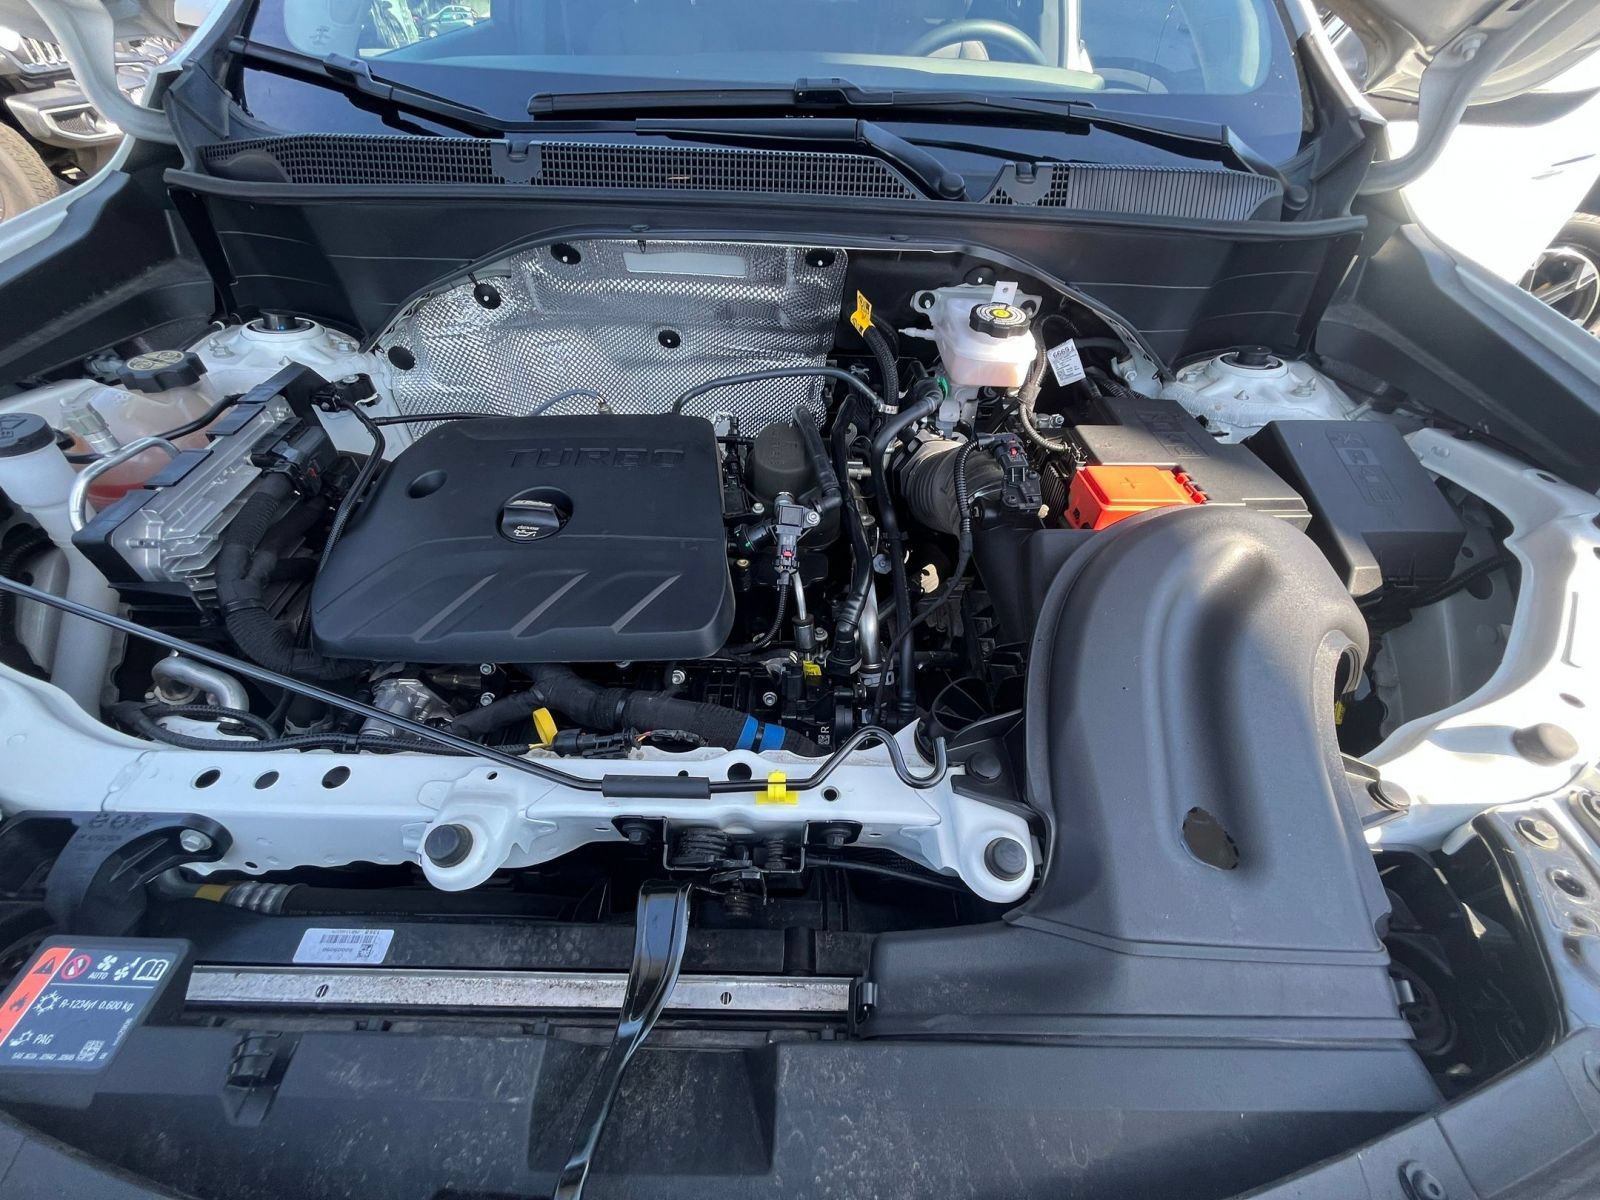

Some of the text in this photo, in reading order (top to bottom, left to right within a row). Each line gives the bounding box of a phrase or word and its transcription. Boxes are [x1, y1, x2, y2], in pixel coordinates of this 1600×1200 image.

[508, 447, 686, 468] TURBO
[88, 971, 109, 980] AUTO
[98, 1000, 123, 1011] 0.600
[121, 1001, 134, 1013] kg
[32, 1033, 54, 1045] PAG
•••
| The problem |
With no pictures included, write out the entries exactly.

| Solution |
Some of the text in this photo, in reading order (top to bottom, left to right within a row). Each line gives the bounding box of a phrase or word and its transcription. Boxes are [x1, y1, x2, y2], in pixel coordinates of this 1600×1200 image.

[508, 447, 686, 468] TURBO
[88, 971, 109, 980] AUTO
[98, 1000, 123, 1011] 0.600
[121, 1001, 134, 1013] kg
[32, 1033, 54, 1045] PAG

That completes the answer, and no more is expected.